All of the records below must be output exactly, with no pictures carried over.

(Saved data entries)
▶

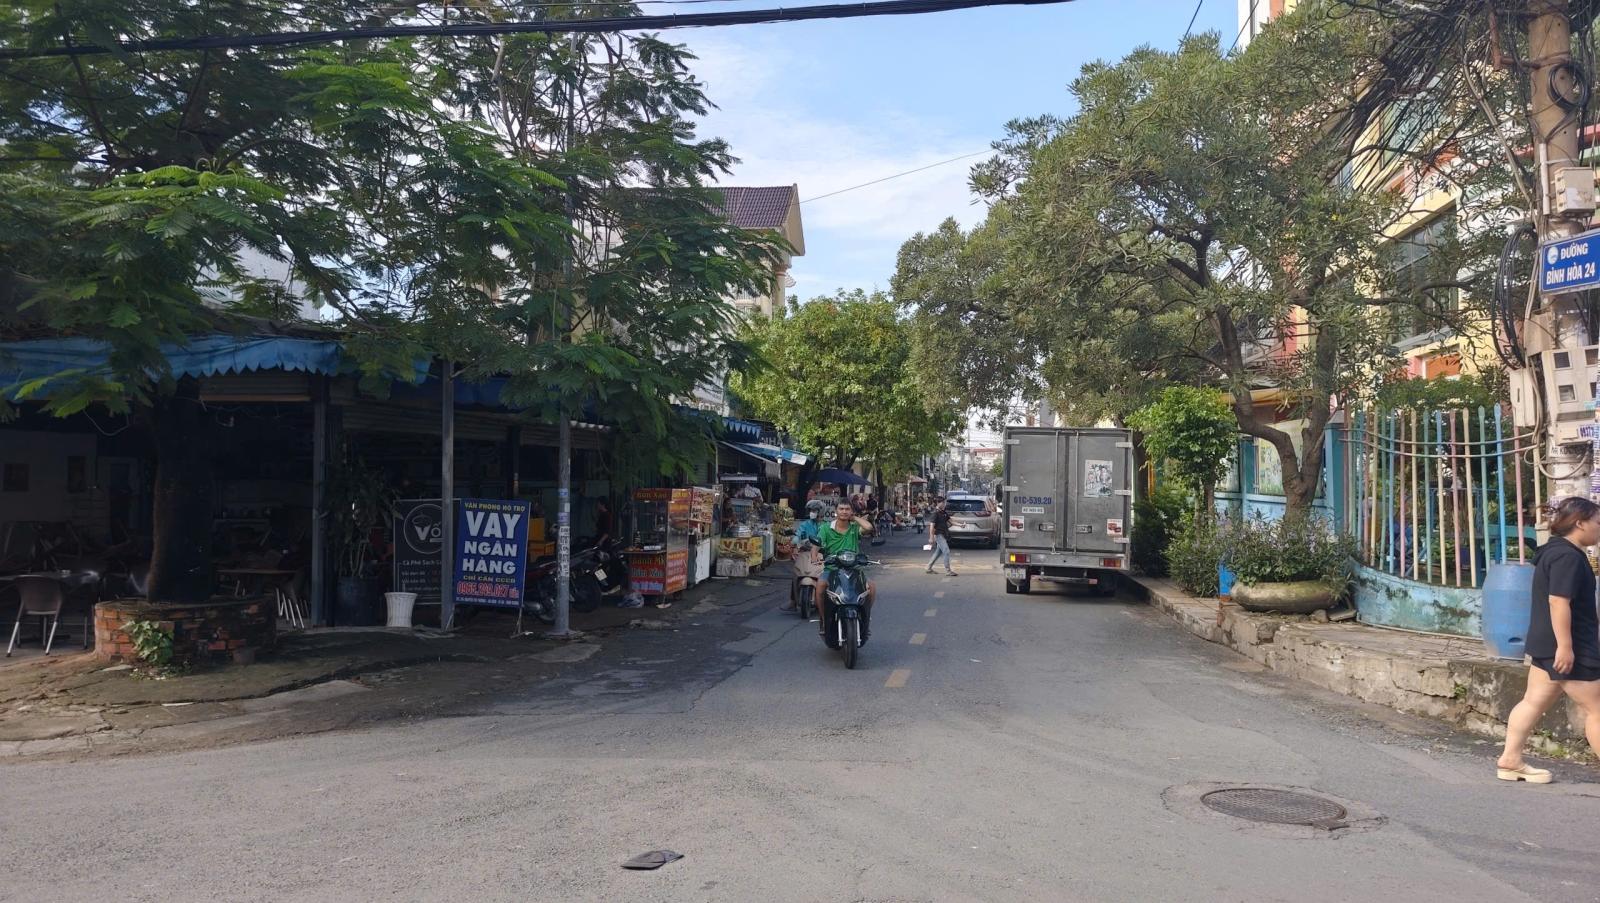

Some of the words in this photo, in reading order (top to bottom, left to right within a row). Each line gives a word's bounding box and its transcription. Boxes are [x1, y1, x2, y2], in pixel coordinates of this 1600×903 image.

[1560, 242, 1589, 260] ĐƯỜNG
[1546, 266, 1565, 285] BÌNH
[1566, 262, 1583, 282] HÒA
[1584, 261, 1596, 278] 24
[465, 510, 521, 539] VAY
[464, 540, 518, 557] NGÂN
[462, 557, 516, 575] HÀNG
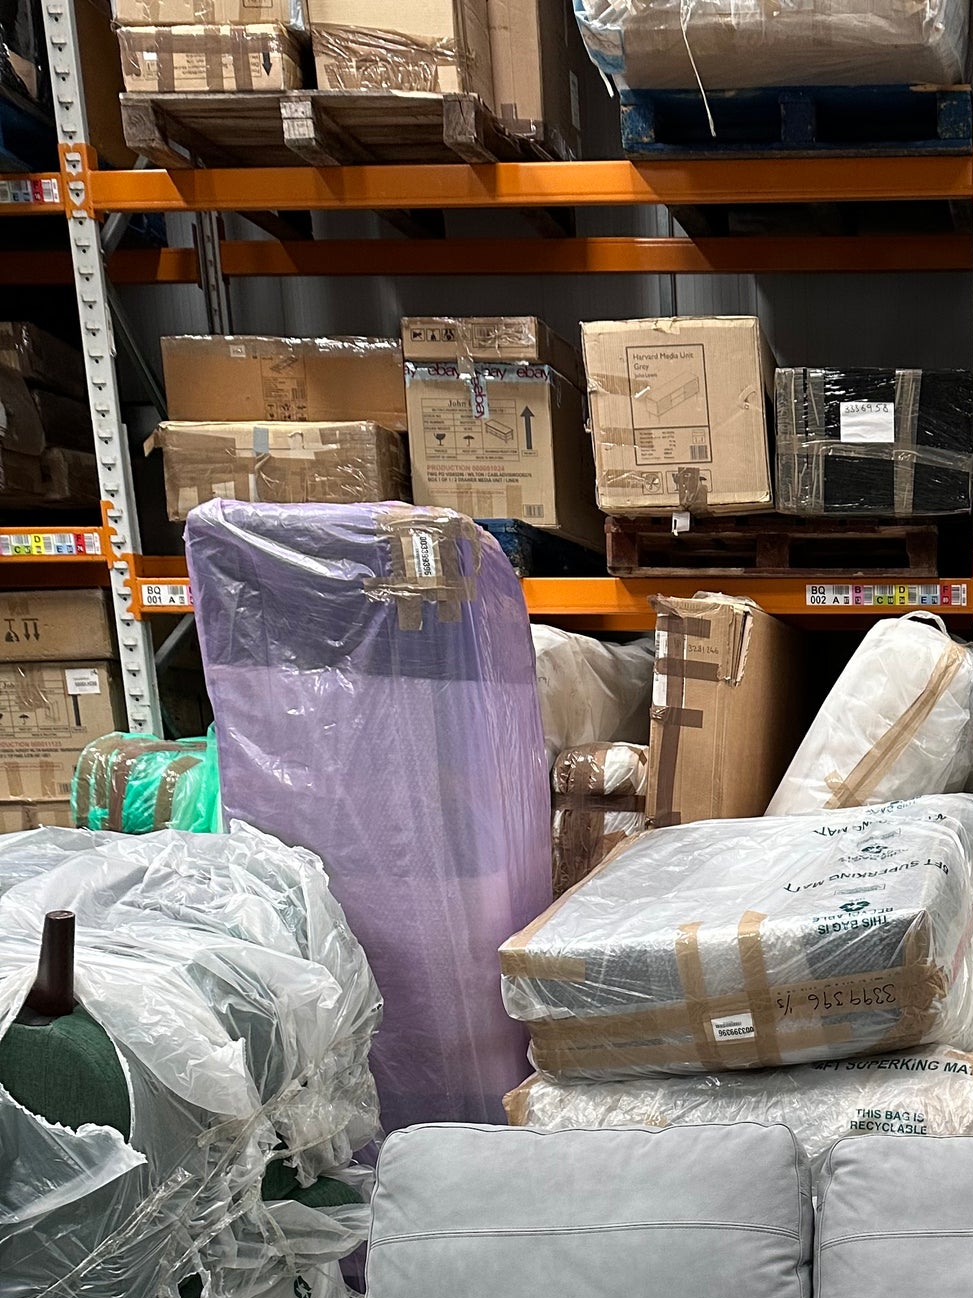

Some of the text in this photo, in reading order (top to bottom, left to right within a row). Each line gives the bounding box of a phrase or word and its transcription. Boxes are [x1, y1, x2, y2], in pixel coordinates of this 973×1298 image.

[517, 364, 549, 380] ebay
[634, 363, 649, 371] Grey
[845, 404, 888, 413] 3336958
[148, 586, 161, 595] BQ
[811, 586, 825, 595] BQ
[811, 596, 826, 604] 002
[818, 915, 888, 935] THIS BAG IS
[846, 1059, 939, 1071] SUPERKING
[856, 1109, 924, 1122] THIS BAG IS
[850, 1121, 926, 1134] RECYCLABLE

◀

Your solution —
Some of the words in this photo, in reading order (top to bottom, left to right within a row). Each line gives a word's bounding box and its transcription. Boxes are [x1, y1, x2, y2], in pixel coordinates of this 1600×903 image.

[1560, 242, 1589, 260] ĐƯỜNG
[1546, 266, 1565, 285] BÌNH
[1566, 262, 1583, 282] HÒA
[1584, 261, 1596, 278] 24
[465, 510, 521, 539] VAY
[464, 540, 518, 557] NGÂN
[462, 557, 516, 575] HÀNG

Some of the text in this photo, in reading order (top to bottom, left to right within a row). Each line gives the bounding box of a phrase or word and its transcription. Boxes are [x1, y1, x2, y2], in pixel coordinates of this 973×1298 image.

[517, 364, 549, 380] ebay
[634, 363, 649, 371] Grey
[845, 404, 888, 413] 3336958
[148, 586, 161, 595] BQ
[811, 586, 825, 595] BQ
[811, 596, 826, 604] 002
[818, 915, 888, 935] THIS BAG IS
[846, 1059, 939, 1071] SUPERKING
[856, 1109, 924, 1122] THIS BAG IS
[850, 1121, 926, 1134] RECYCLABLE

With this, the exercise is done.